Let X,Y be discrete random variables related as Y=g(X), where g is a deterministic function. The ordering of their entropies satisfies


H(X)≤H(Y), equality holds if g is a one to one mapping

H(X)≥H(Y), equality holds if g is a one to one mapping

H(X)≤H(Y), equality holds when H(X|g(X))=0

H(X)≥H(Y), equality holds when H(X|g(X))=0

The correct ordering of entropies between X and Y is:

H(X) ≤ H(Y), equality holds when H(X|g(X)) = 0.

Explanation:
- Entropy measures the uncertainty or randomness in a random variable.
- H(X) represents the entropy of random variable X.
- H(Y) represents the entropy of random variable Y.
- In this case, Y is a deterministic function g(X) of X, meaning the value of Y depends solely on the value of X.
- If g is a one-to-one mapping (i.e., each value of X uniquely determines a value of Y and vice versa), then each value of X corresponds to a unique value of Y, and vice versa. In this case, there is no uncertainty or randomness in the relationship between X and Y, and H(X|g(X)) = 0. Therefore, equality holds: H(X) = H(Y).
- If g is not a one-to-one mapping, there can be some redundancy or uncertainty in the relationship between X and Y. In this case, H(X) ≤ H(Y), as there may be multiple values of X that map to the same value of Y, resulting in a higher entropy for Y compared to X.

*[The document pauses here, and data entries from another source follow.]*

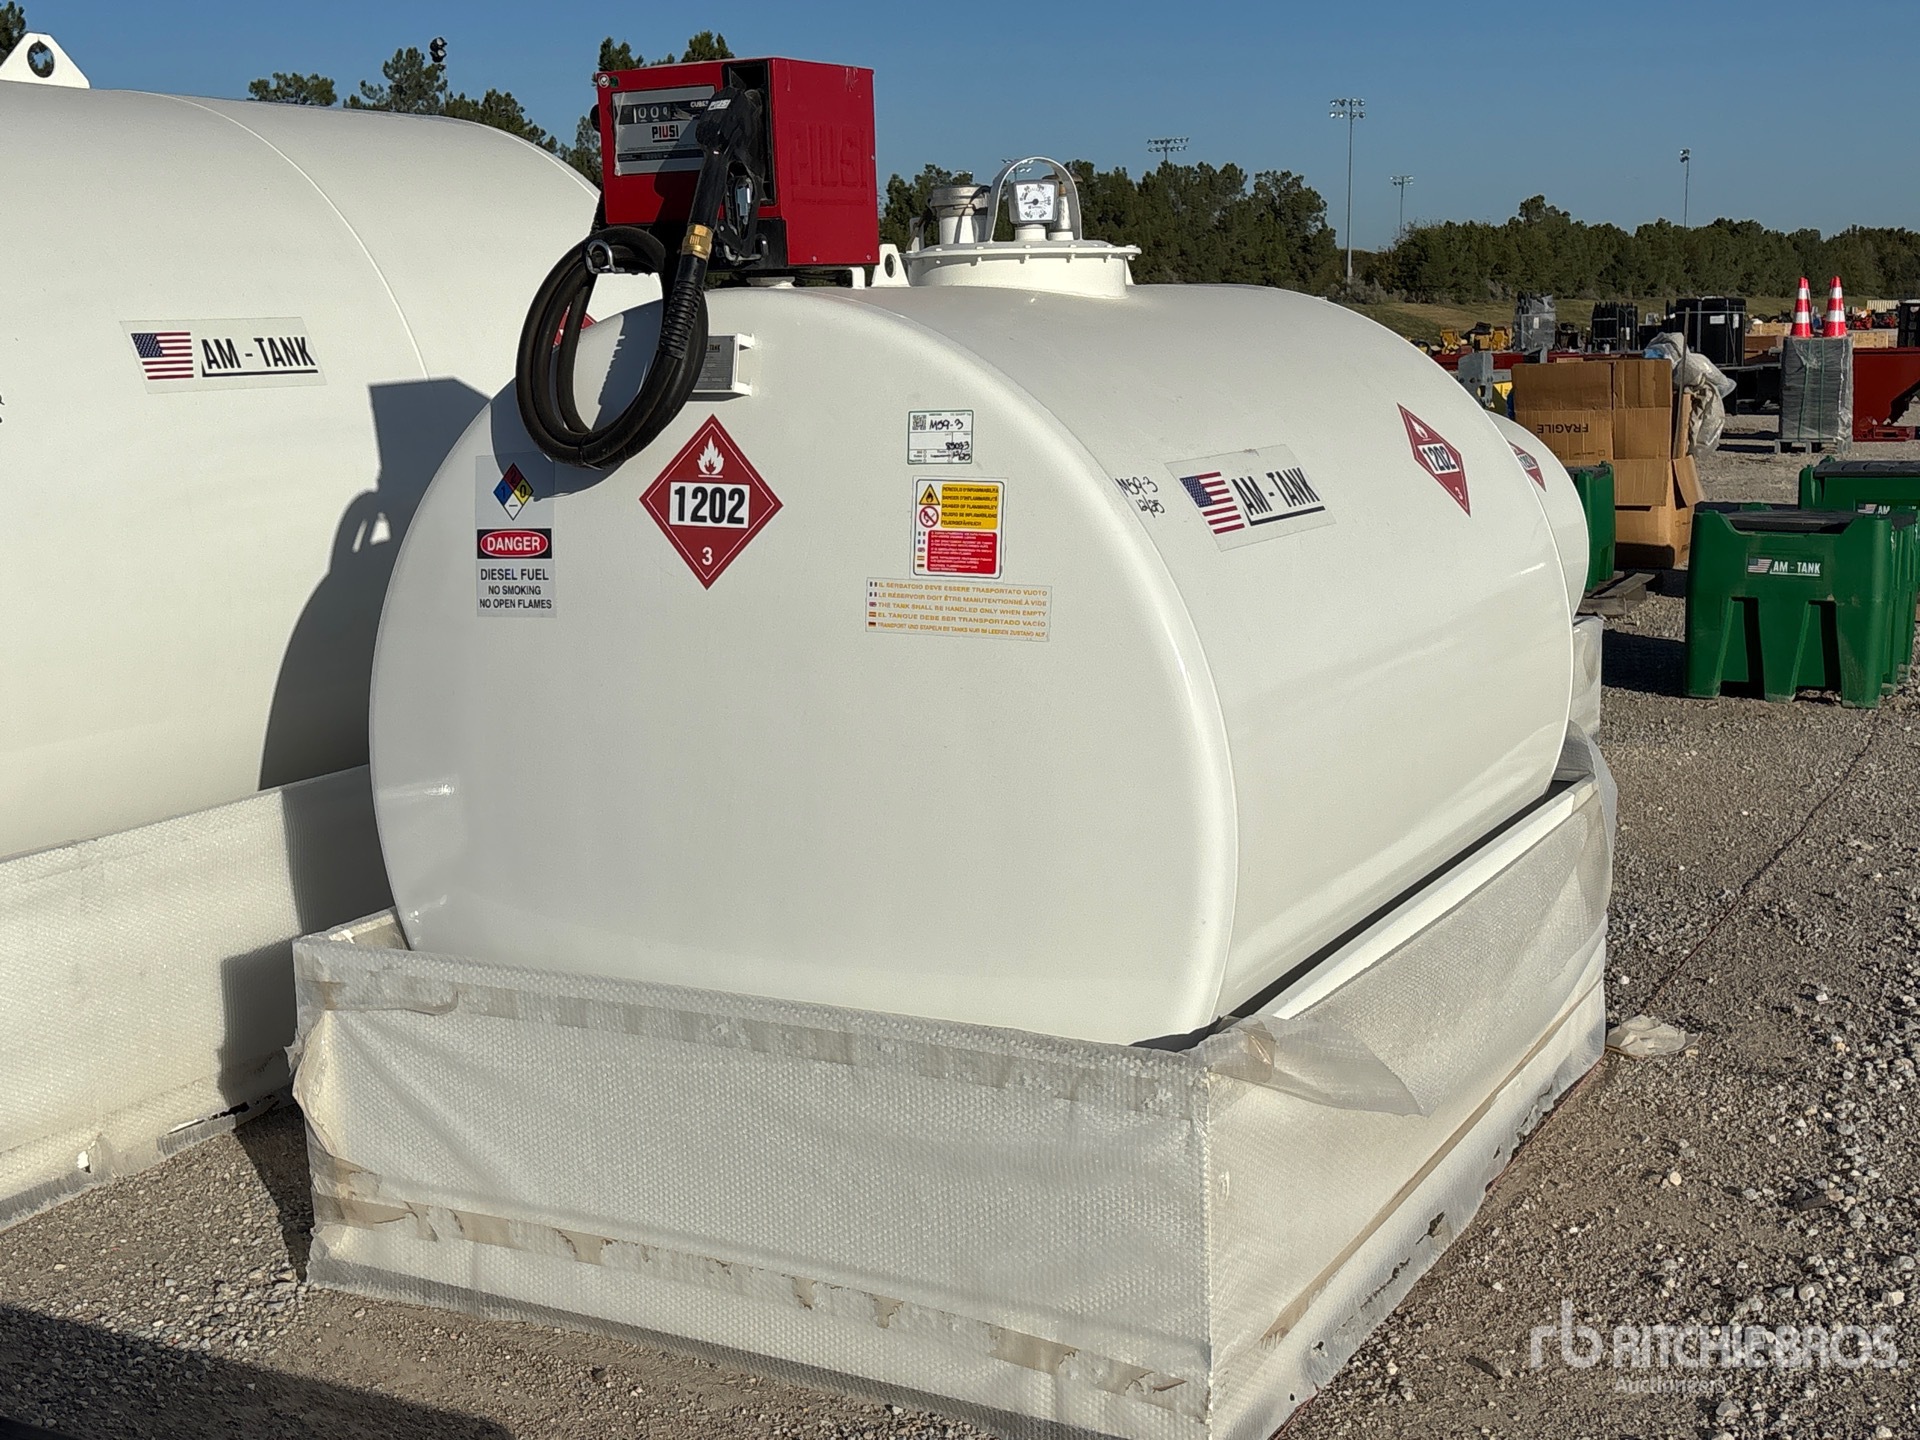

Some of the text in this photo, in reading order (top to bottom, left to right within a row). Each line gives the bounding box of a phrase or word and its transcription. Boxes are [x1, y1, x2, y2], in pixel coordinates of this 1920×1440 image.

[652, 125, 679, 139] PIUSI
[789, 121, 868, 187] PIUSI
[200, 337, 242, 370] AM
[253, 336, 316, 367] TANK
[1537, 423, 1589, 434] FRAGILE
[1422, 445, 1457, 471] 1202
[501, 485, 527, 498] 1 0
[1231, 476, 1272, 516] AM
[1267, 467, 1321, 508] TANK
[674, 485, 746, 525] 1202
[486, 536, 541, 552] DANGER
[701, 546, 713, 565] 3
[1772, 561, 1787, 573] AM
[1797, 561, 1821, 574] TANK
[480, 568, 549, 581] DIESEL FUEL
[488, 585, 541, 595] NO SMOKING
[886, 582, 923, 590] SERBATOIO
[972, 586, 1022, 595] TRASPORTATO
[888, 591, 925, 600] RÉSERVOIR
[944, 594, 961, 602] ÊTRE
[479, 598, 552, 609] NO OPEN FLAMES
[958, 616, 1021, 626] TRANSPORTADO

To determine which statement is correct, let's first understand the concept of entropy and conditional entropy.

Entropy:
Entropy is a measure of the uncertainty or randomness associated with a random variable. For a discrete random variable X, the entropy H(X) is given by the formula:

H(X) = - Σ p(x) log₂ p(x)

where p(x) is the probability mass function of X. In simple terms, entropy tells us how much information is required, on average, to convey the outcomes of X.

Conditional Entropy:
Conditional entropy quantifies the average uncertainty of a random variable given the value of another random variable. For two discrete random variables X and Y, the conditional entropy H(X|Y) is given by:

H(X|Y) = - Σ p(x,y) log₂ p(x|y)

where p(x,y) is the joint probability mass function of X and Y, and p(x|y) is the conditional probability mass function of X given Y.

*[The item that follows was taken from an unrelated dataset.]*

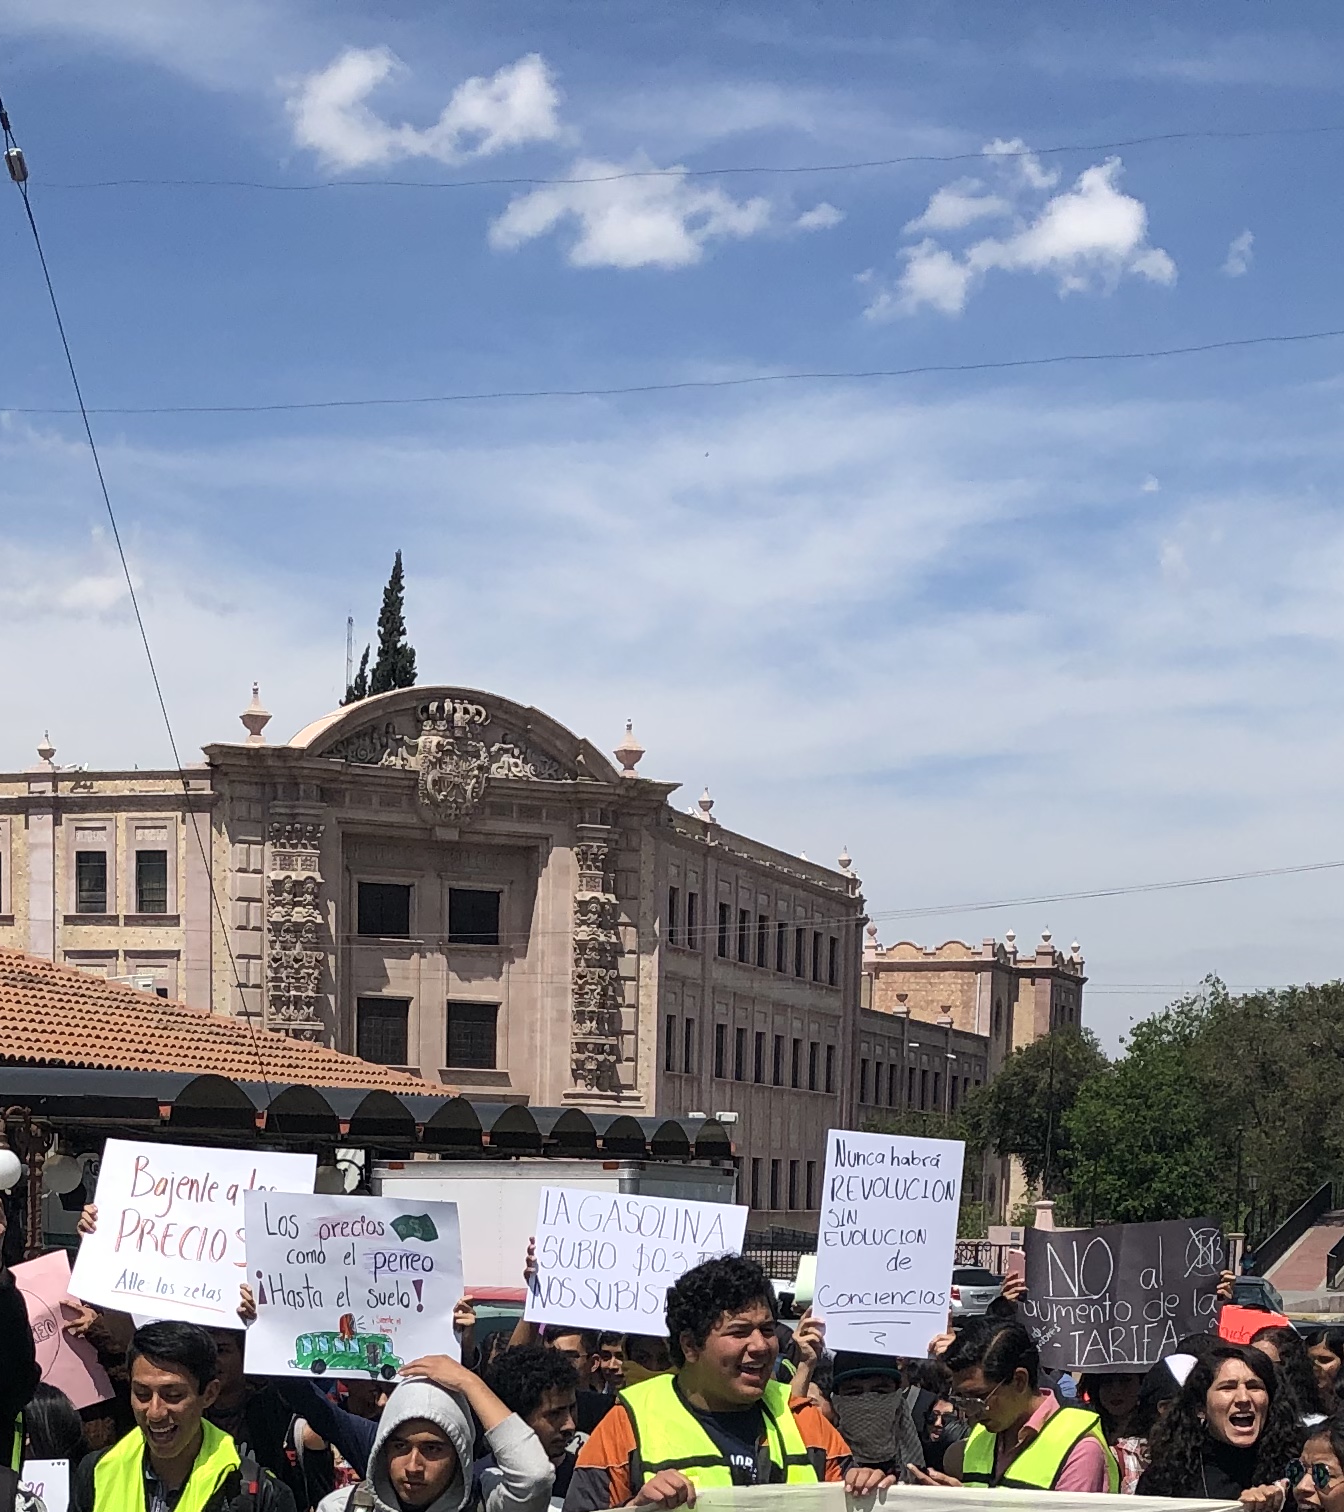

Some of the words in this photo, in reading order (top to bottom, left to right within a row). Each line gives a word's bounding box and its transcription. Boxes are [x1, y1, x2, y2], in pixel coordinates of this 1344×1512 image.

Now let's analyze the given statements:

1. H(X)≤H(Y), equality holds if g is a one-to-one mapping:
This statement is true. If the function g is one-to-one (injective), it means that each value of Y corresponds to a unique value of X. In this case, there is no ambiguity or uncertainty introduced by the transformation from X to Y. As a result, the entropy of Y cannot be greater than the entropy of X. Equality holds because there is a direct correspondence between the two random variables.

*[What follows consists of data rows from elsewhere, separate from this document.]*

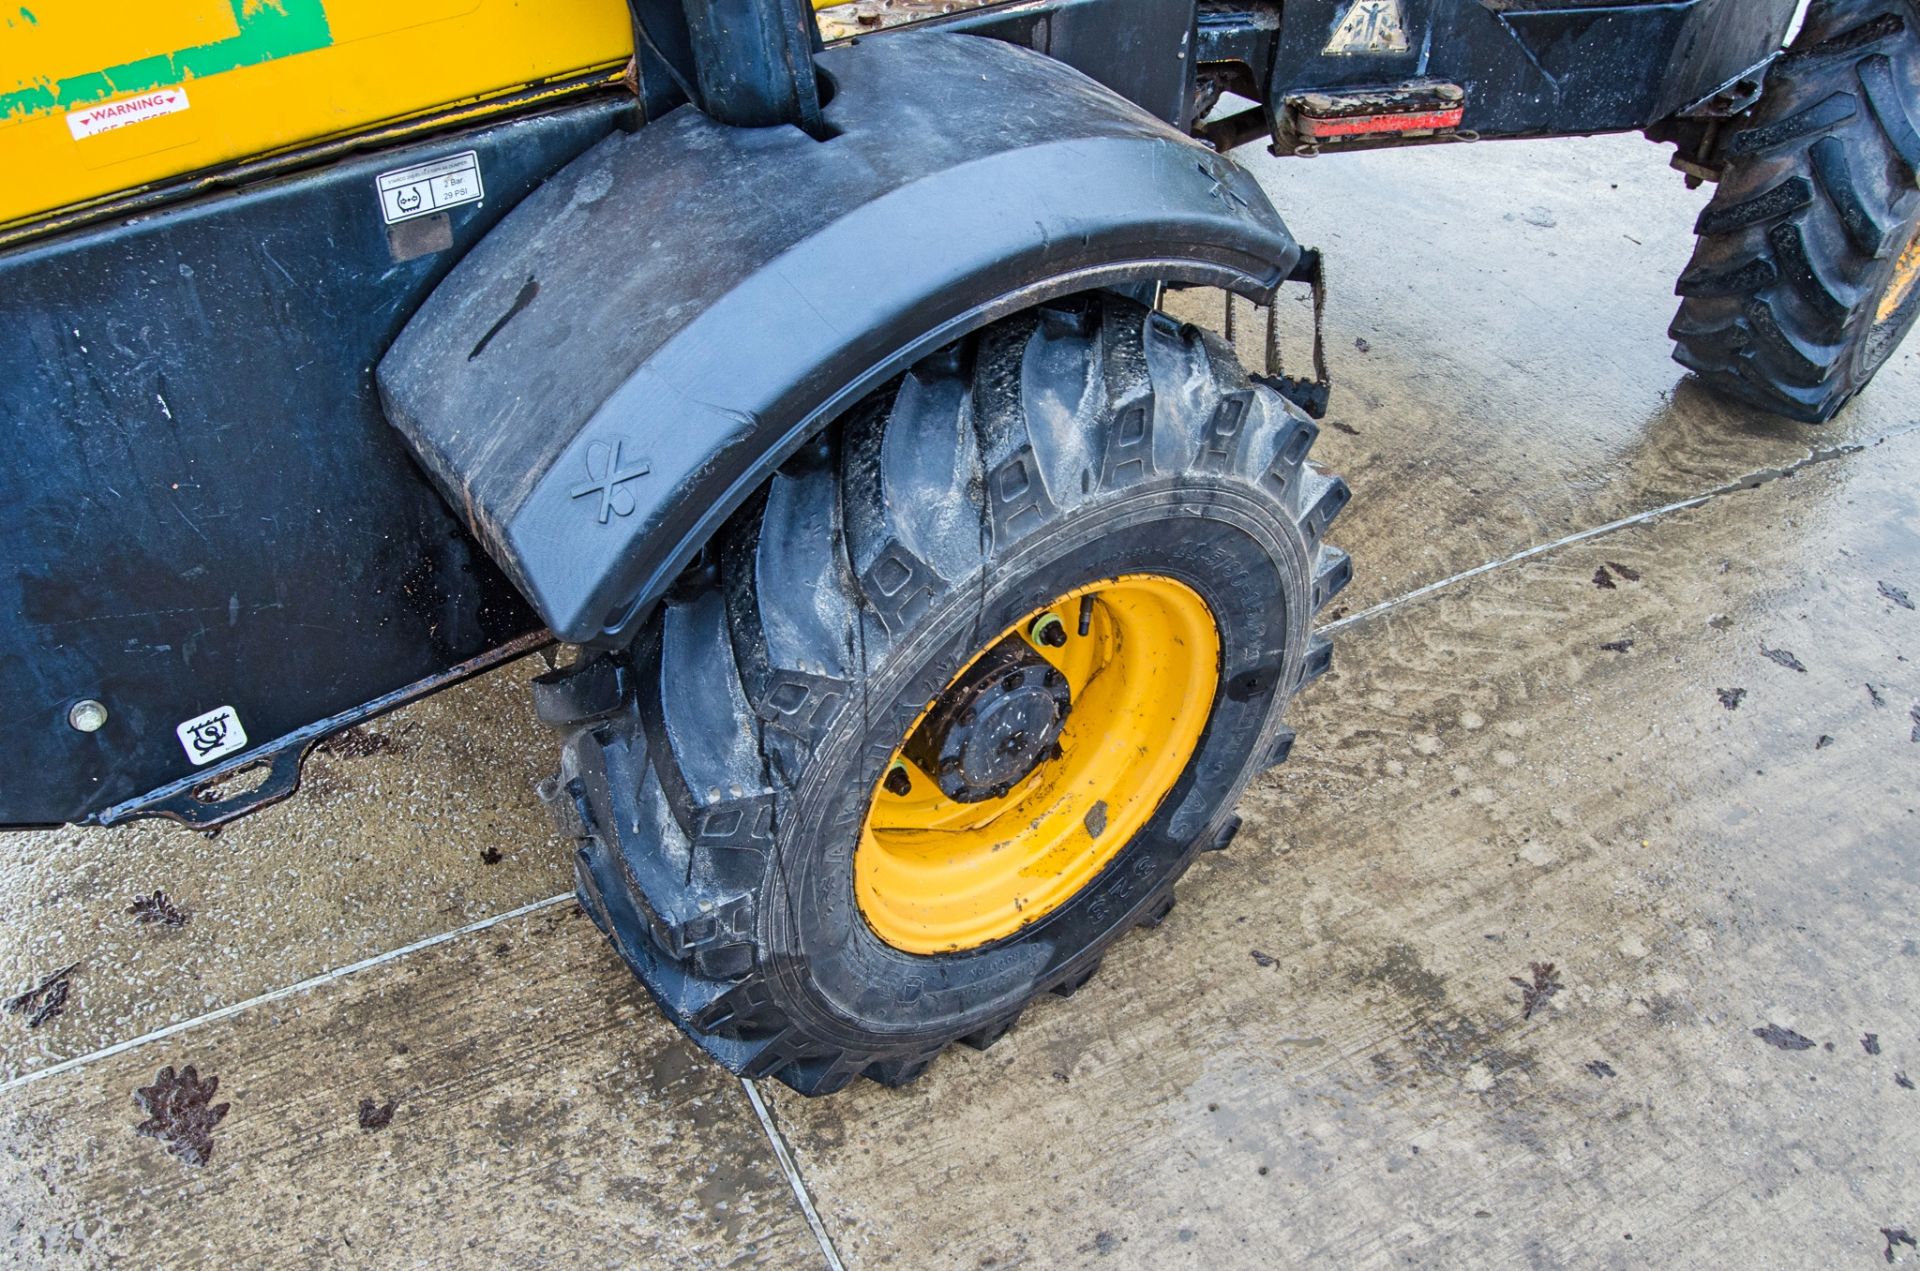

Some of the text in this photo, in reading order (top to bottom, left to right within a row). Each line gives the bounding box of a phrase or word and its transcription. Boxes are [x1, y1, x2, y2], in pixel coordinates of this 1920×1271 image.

[90, 95, 164, 121] WARNING
[450, 177, 463, 185] Bar
[443, 191, 453, 200] 29
[454, 187, 468, 196] PSI
[1087, 855, 1157, 925] 323

2. H(X)≥H(Y), equality holds if g is a one-to-one mapping:
This statement is false. As explained above, when g is a one-to-one mapping, the entropy of Y cannot exceed the entropy of X. Therefore, H(X)≤H(Y), not H(X)≥H(Y).

3. H(X)≤H(Y), equality holds when H(X|g(X)) = 0:
This statement is false. H(X|g(X)) represents the conditional entropy of X given g(X). If H(X|g(X)) = 0, it means that knowing the value of g(X) completely determines the value of X, indicating a one-to-one correspondence. However, the equality H(X)≤H(Y) does not depend on the conditional entropy being zero. Hence, this statement is incorrect.

4. H(X)≥H(Y), equality holds when H(X|g(X)) = 0:
This statement is true. When H(X|g(X)) = 0, it implies that knowing the value of g(X) completely determines the value of X, indicating a one-to-one correspondence. In this case, H(X) cannot be smaller than H(Y) because all the information in X is preserved in Y. Therefore, H(X)≥H(Y). Equality holds because there is a one-to-one mapping between X and Y.

In conclusion, the correct statement is: H(X)≥H(Y), equality holds when H(X|g(X))=0.